Made for Love by Alissa NuttingEcco (HarperCollins), 2017

I saw Alissa Nutting read from Made for Love at Brooklyn Bridge Park over the summer: the scene she read is a hilarious bit where the protagonist, Hazel, who has moved in with her septuagenarian father after leaving her evil-tech-genius-billionaire husband, gets her arm stuck in the mouth of her dad’s new purchase, a highly realistic sex doll. It’s a laugh-out-loud funny bit, and also maybe one of the less weird things in the book. Made for Love follows Hazel and her predicament—she left her husband, Byron, because he wanted to put a chip in her brain so their minds could connect; she fears he’ll stop at nothing to try to get her back, and also fears that if he realizes she’s not coming back, he’ll just have her killed. It’s not just about Hazel, though: we also meet Jasper, a con-man who pretends he’s in love with women, convinces them to give him large sums of money, then skips town. He has a predicament of his own, which is complicated but involves a bizarre experience with a dolphin.

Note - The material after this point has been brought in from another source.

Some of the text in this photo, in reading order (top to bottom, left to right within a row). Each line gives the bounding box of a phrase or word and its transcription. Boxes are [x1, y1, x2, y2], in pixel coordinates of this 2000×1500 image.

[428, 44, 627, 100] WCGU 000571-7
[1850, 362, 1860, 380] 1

There’s also a whole bunch of satire about imagined near-future technology, and a whole lot of very funny/over-the-top scenes, including a great bit where Hazel, very drunk, steals a plastic lawn flamingo and ends up snuggling with it in bed.

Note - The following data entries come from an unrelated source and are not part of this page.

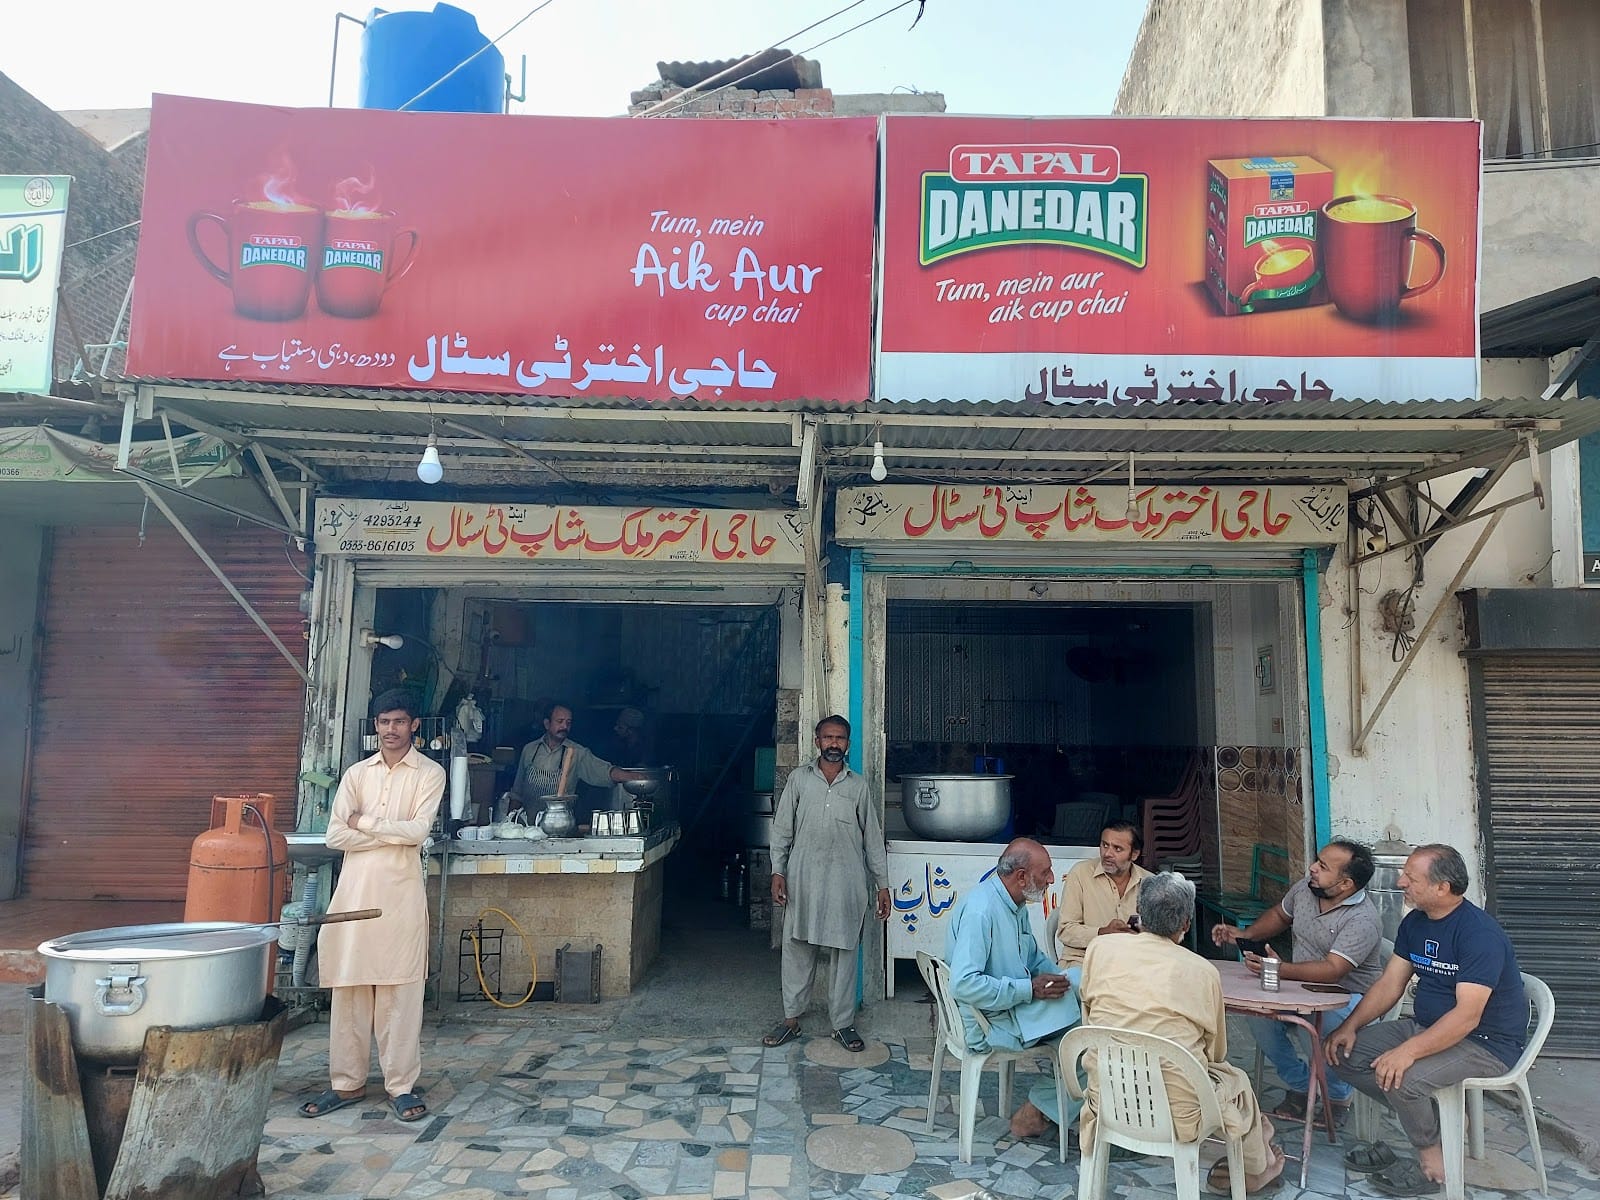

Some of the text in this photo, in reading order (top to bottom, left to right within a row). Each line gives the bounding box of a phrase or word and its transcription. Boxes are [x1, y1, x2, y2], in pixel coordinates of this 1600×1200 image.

[960, 152, 1111, 177] TAPAL
[650, 210, 765, 238] Tum, mein
[928, 189, 1137, 254] DANEDAR
[1257, 204, 1306, 216] TAPAL
[253, 236, 299, 247] TAPAL
[335, 241, 375, 250] TAPAL
[1246, 216, 1314, 243] DANEDAR
[242, 247, 306, 268] DANEDAR
[325, 250, 382, 270] DANEDAR
[630, 240, 823, 301] Aik Aur
[935, 271, 1104, 303] Tum, mein aur
[704, 298, 803, 328] cup chai
[988, 289, 1129, 324] aik cup chai
[217, 343, 250, 372] ہے
[252, 338, 316, 371] دستیاب
[407, 331, 778, 396] حاجی اختر ٹی سٹال
[362, 514, 422, 528] 4293244
[425, 504, 486, 553] سٹال
[903, 485, 980, 537] سٹال
[978, 485, 1008, 539] ٹی
[1014, 486, 1098, 540] شاپ
[1151, 485, 1220, 541] اختر
[1220, 487, 1293, 542] حاجی
[482, 503, 509, 555] ٹی
[509, 508, 586, 557] شاپ
[642, 507, 708, 558] اختر
[711, 511, 777, 561] حاجی

It was interesting to read this book after having read Connie Willis’s Crosstalk, which has some similar plot points and explores some of the same themes: they’re both about the threats of technological over-connectedness, and they both explore selfhood and agency and authenticity and the dangers of losing oneself in something that seems like love but isn’t at all. I think both books succeed at what they’re trying to do: I found Crosstalk fast-paced and impossible to put down, and Made for Love less immediately gripping but ultimately more subtle and thought-provoking than I was expecting.